Je voudrais rebondir sur ça. On lit souvent un argument, emprunté à Rutger Bregman, qui peut se formuler sommairement comme suit : s’il n’y avait pas de frontières, dans ce cas là un travailleur ne pourrait plus être enfermé dans des conditions inéquitables car il jouirait d’une armée de réserve de meilleures offres, ne serait-ce qu’à l’étranger, et les disparités liées aux conditions de travail finiraient par s’amenuiser. C’est très mignon et clairement ça vise à faire respecter le préambule de la Constitution de l’OIT : “La non-adoption par une nation quelconque d’un régime de travail réellement humain fait obstacle aux efforts des autres nations désireuses d’améliorer le sort des travailleurs dans leurs propres pays.”
Il faut entendre qu’un tel argument ne porte que dans un contexte réellement internationaliste. Pas seulement “globalisé”, mais internationaliste au sens où les humains seraient concernés, pas seulement les capitaux. On voit vite la naïveté de cet argument : si une poignée de pays ouvraient radicalement leurs frontières, le mécanisme ne s’enclencherait pas.
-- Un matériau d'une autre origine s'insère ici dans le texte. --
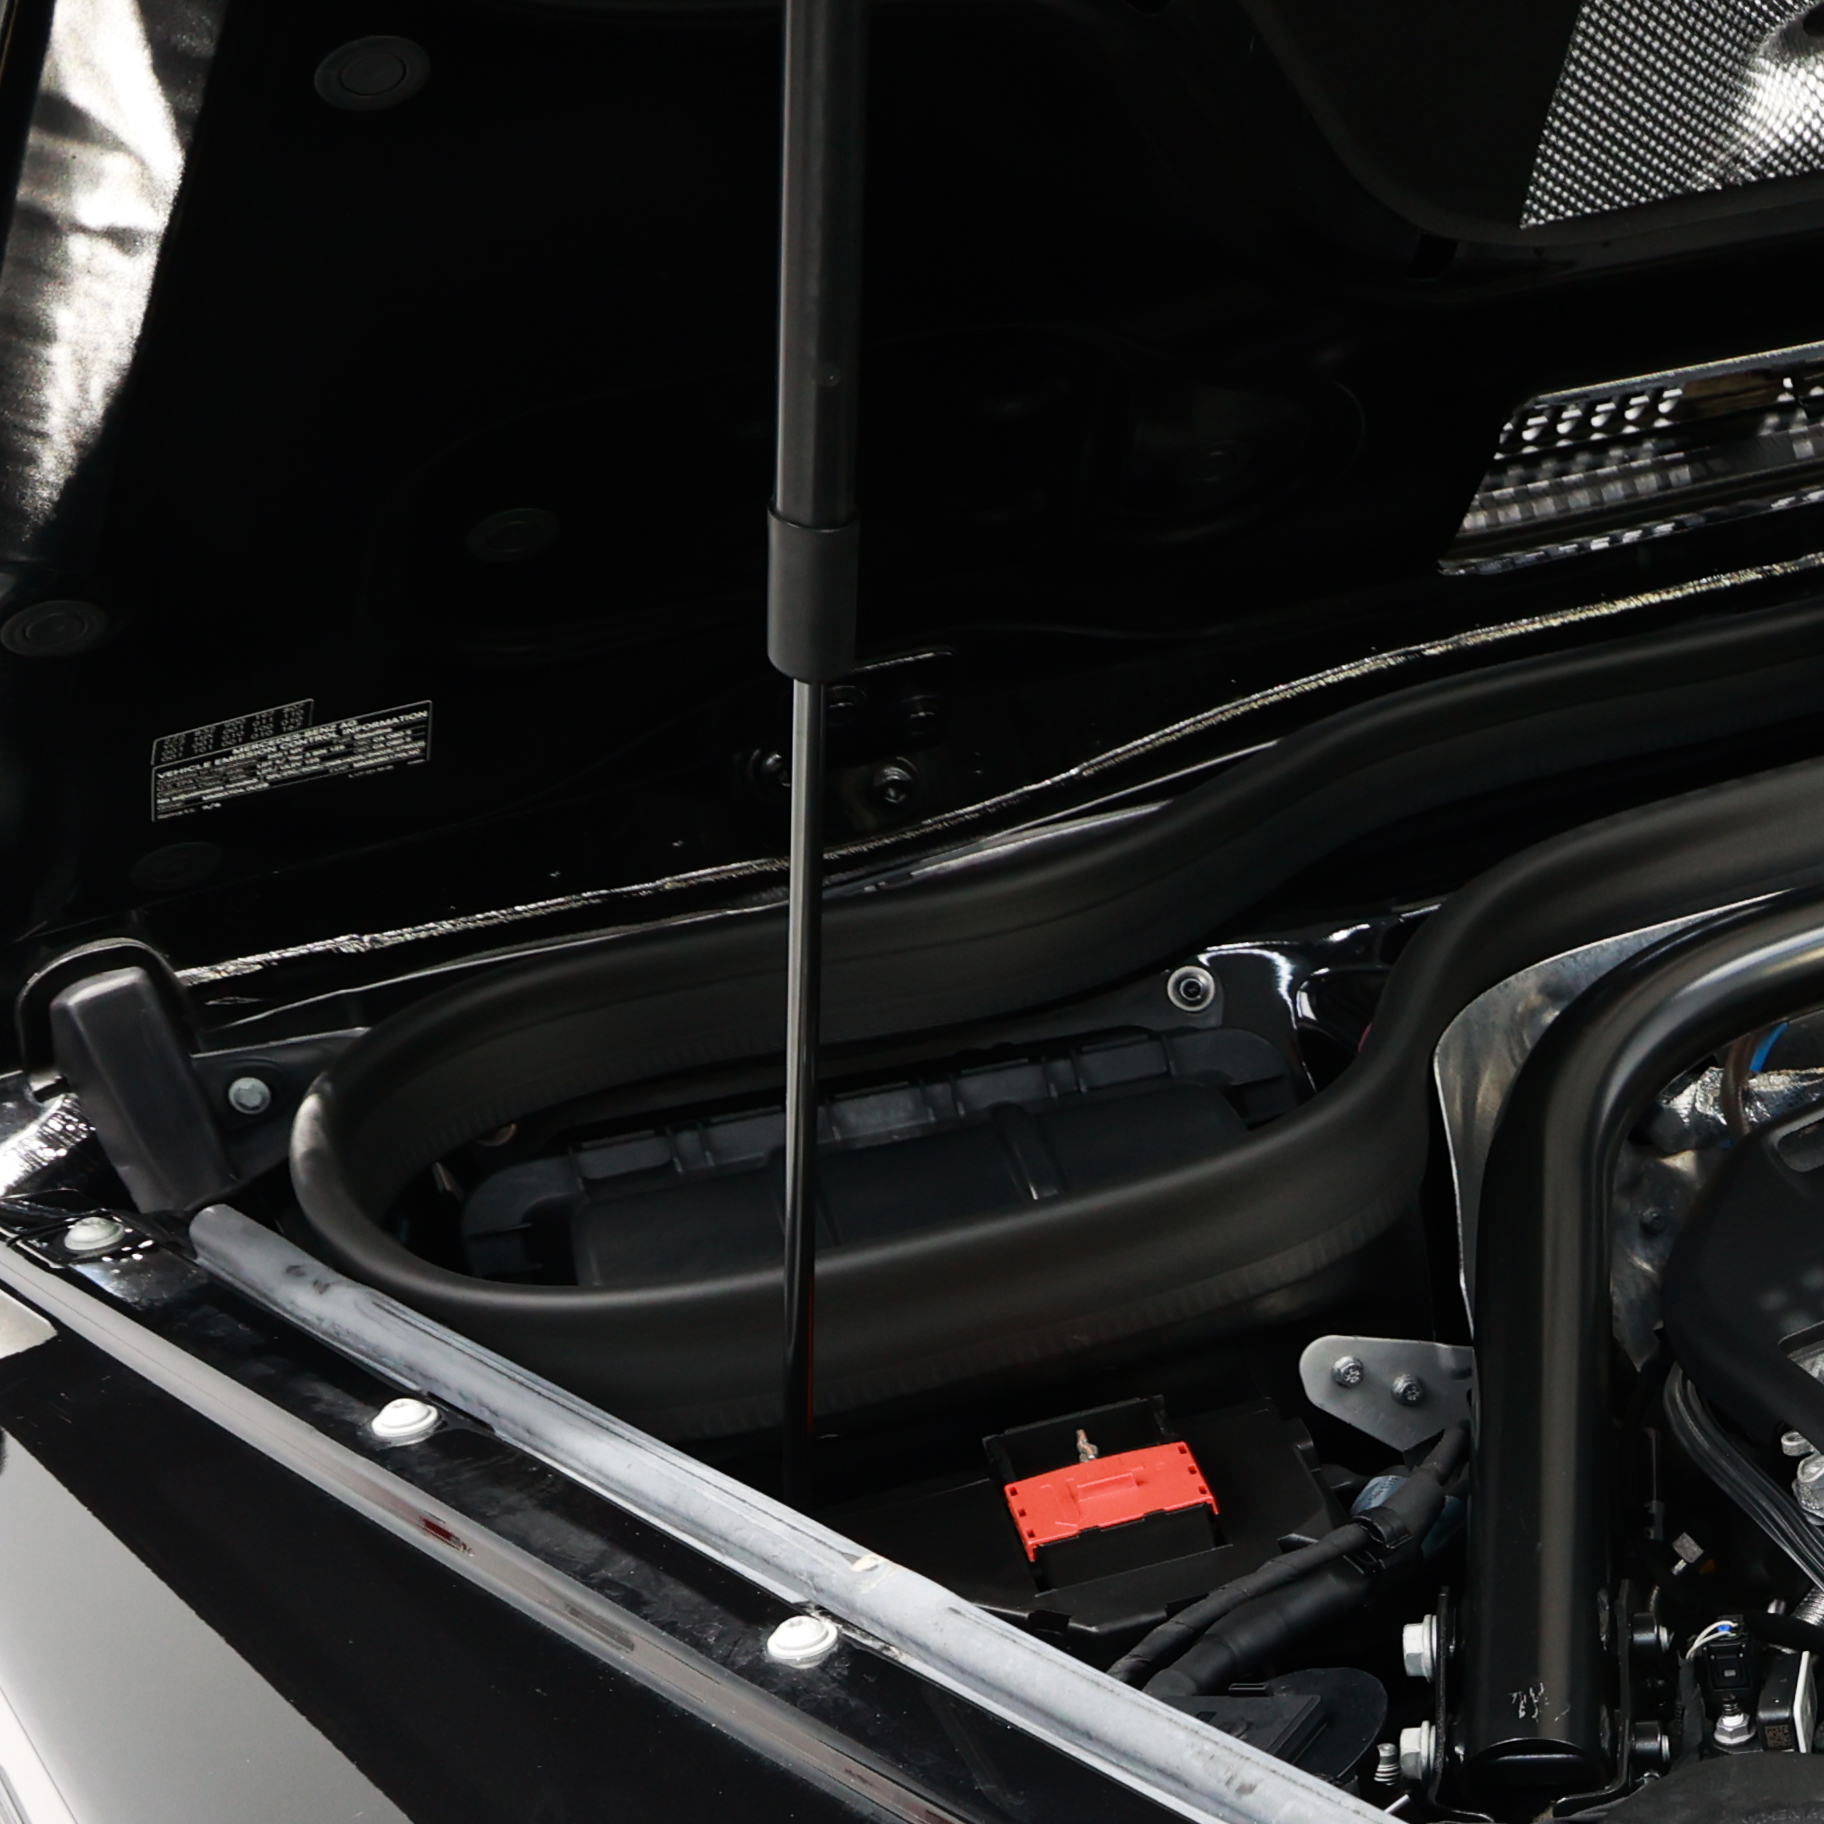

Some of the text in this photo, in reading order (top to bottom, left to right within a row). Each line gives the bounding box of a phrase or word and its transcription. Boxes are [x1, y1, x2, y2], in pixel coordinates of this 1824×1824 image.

[156, 762, 211, 780] VEHICLE
[213, 746, 277, 766] EMISSION
[278, 731, 339, 750] CONTROL
[341, 709, 428, 736] INFORMATION
[231, 725, 336, 755] MERCEDES-BENZ
[338, 720, 358, 729] AG
L’argument est opératoire uniquement en mode “tout le monde ou rien”.
Une fois l’objection récurrente écartée, que peut-on néanmoins faire ? En vrac :
- une meilleure répartition des ressources entre celles liées à la sûreté et celles liées à l’accueil des migrants
- la fin du recours aux sous-traitants pour l’accueil de migrants, qui se solde par des conséquences fofolles où pour 10€ investi seulement 3€ partent effectivement dans l’accueil de migrants, le reste étant capté en valeur ajoutée par le sous-traitant
- tenir en effet en compte l’effet d’appel du système social et fiscal (coucou idée folle d’une harmonisation sociale et fiscale au sein de l’UE), et aussi tenir en compte le fait que si on est seuls à être en mode full open borders ça ne changera pas grand chose concernant la situation des travailleurs à l’étranger
- tenir en compte que même si tous ces nouveaux intrants dans le marché de l’emploi et toutes ces nouvelles recettes fiscales (coucou TVA, toi qui représente le gros des recettes fiscales de l’Etat) accroîtraient sûrement à moyen terme le PIB (le RdB ne change d’ailleurs rien à la motivation de chercher une activité, une raison d’être, qui est un besoin existentiel primaire, si primaire que 80% des gens qui gagnent au LOTO gardent leur travail) on ne parle là que de moyen terme ; la question qui se pose est donc clairement celle du pivot, du court terme, tant sur le plan économique que sur le plan de “l’intégration” (vilain mot pour simplement signifier le respect des valeurs de la République, et non une “identité nationale” ou une “histoire culturelle”) ; la France étant plutôt bien niveau démographique par rapport à ses voisins, l’argument démographique est ici hors de propos
- ce qui me permet d’ajouter quelques références au propos de @Buisson_Vincent : le pivot tend à se faire seulement en 2ème génération, même si une 1ère génération qui ne “s’intègre pas” n’a rien de dramatique et a toujours été la norme même dans des conditions début XXème où il y avait beaucoup plus de migrants qu’aujourd’hui, comme le souligne cet excellent papier du Diplo https://www.monde-diplomatique.fr/2018/02/BREVILLE/58402 (j’ai dû résilier tous mes abonnements, étant en graves difficultés financières, donc je ne peux plus partager l’article en entier, mais je m’en souviens très bien et suis en mesure d’en causer) ; il y a aussi un excellent argument dans le livre d’Emmanuel Todd, Où en sommes-nous, où il explique en gros que la 2ème génération sert souvent de médiateur/communication à la 1ère génération ce qui met d’emblée un pied en dehors de la bulle familiale pour cette 2ème génération
Au final, si je souscris à l’argument de @Macavity c’est que même si les difficultés générées à court terme par l’effet d’appel n’ont rien d’insurmontable, la société a tant été idéologisée depuis la banalisation du discours de l’extrême droite disons depuis la campagne présidentielle de 2002 (même si il y avait des prodromes à cette banalisation dès 1989) que ce n’est pas en quelques jours que l’on défera ces associations de représentations toutes faites. Elles confinent à l’imaginaire davantage qu’au rationnel, elles relèvent trop souvent d’images chargées d’affects pour reprendre la définition marxiste du mythe, ça ne se désamorce pas comme ça. En somme, il faut tenir en compte l’état idéologique de la nation, et franchement c’est moche, ça ne se défera pas du jour au lendemain, et en attendant, les difficultés liées aux 1ères générations d’intrants, même si elles sont plus annexes qu’autre chose, ne feraient que crisper davantage, hystériser toujours plus la société, continuer à détourner le débat public d’autres problèmes cruciaux, et pire encore : créer des biais de renforcement de cette idéologie délétère.